» Work task:
Repeat the listing below in full, exactly as it stands.

-.-.-

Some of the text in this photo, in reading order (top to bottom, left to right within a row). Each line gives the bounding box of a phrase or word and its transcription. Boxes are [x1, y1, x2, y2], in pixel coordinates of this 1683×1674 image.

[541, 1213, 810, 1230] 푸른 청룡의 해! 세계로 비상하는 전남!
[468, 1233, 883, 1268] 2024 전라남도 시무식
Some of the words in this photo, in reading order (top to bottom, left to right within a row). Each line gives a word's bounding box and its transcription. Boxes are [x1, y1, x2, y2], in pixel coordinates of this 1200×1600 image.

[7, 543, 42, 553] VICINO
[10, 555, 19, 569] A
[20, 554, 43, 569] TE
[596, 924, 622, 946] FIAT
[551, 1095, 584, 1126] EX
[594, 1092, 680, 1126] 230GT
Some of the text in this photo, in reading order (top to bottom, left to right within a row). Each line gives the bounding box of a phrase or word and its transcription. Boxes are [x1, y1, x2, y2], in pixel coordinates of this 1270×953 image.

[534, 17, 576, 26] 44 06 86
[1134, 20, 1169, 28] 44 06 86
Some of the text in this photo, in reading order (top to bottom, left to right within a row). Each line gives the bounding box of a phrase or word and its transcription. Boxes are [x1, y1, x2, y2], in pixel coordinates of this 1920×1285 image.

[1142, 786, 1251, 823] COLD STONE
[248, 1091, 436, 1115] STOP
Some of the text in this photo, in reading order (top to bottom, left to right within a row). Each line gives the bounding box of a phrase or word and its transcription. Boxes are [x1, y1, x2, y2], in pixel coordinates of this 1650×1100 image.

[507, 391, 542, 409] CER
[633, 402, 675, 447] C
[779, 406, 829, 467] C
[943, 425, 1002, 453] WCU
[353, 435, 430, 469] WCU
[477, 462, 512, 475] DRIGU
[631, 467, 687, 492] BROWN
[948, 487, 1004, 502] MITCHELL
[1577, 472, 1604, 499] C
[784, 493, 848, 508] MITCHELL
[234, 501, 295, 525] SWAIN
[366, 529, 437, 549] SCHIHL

-.-.-

» Your solution:
Some of the text in this photo, in reading order (top to bottom, left to right within a row). Each line gives the bounding box of a phrase or word and its transcription. Boxes are [x1, y1, x2, y2], in pixel coordinates of this 1683×1674 image.

[541, 1213, 810, 1230] 푸른 청룡의 해! 세계로 비상하는 전남!
[468, 1233, 883, 1268] 2024 전라남도 시무식
Some of the words in this photo, in reading order (top to bottom, left to right within a row). Each line gives a word's bounding box and its transcription. Boxes are [x1, y1, x2, y2], in pixel coordinates of this 1200×1600 image.

[7, 543, 42, 553] VICINO
[10, 555, 19, 569] A
[20, 554, 43, 569] TE
[596, 924, 622, 946] FIAT
[551, 1095, 584, 1126] EX
[594, 1092, 680, 1126] 230GT
Some of the text in this photo, in reading order (top to bottom, left to right within a row). Each line gives the bounding box of a phrase or word and its transcription. Boxes are [x1, y1, x2, y2], in pixel coordinates of this 1270×953 image.

[534, 17, 576, 26] 44 06 86
[1134, 20, 1169, 28] 44 06 86
Some of the text in this photo, in reading order (top to bottom, left to right within a row). Each line gives the bounding box of a phrase or word and its transcription. Boxes are [x1, y1, x2, y2], in pixel coordinates of this 1920×1285 image.

[1142, 786, 1251, 823] COLD STONE
[248, 1091, 436, 1115] STOP
Some of the text in this photo, in reading order (top to bottom, left to right within a row). Each line gives the bounding box of a phrase or word and its transcription. Boxes are [x1, y1, x2, y2], in pixel coordinates of this 1650×1100 image.

[507, 391, 542, 409] CER
[633, 402, 675, 447] C
[779, 406, 829, 467] C
[943, 425, 1002, 453] WCU
[353, 435, 430, 469] WCU
[477, 462, 512, 475] DRIGU
[631, 467, 687, 492] BROWN
[948, 487, 1004, 502] MITCHELL
[1577, 472, 1604, 499] C
[784, 493, 848, 508] MITCHELL
[234, 501, 295, 525] SWAIN
[366, 529, 437, 549] SCHIHL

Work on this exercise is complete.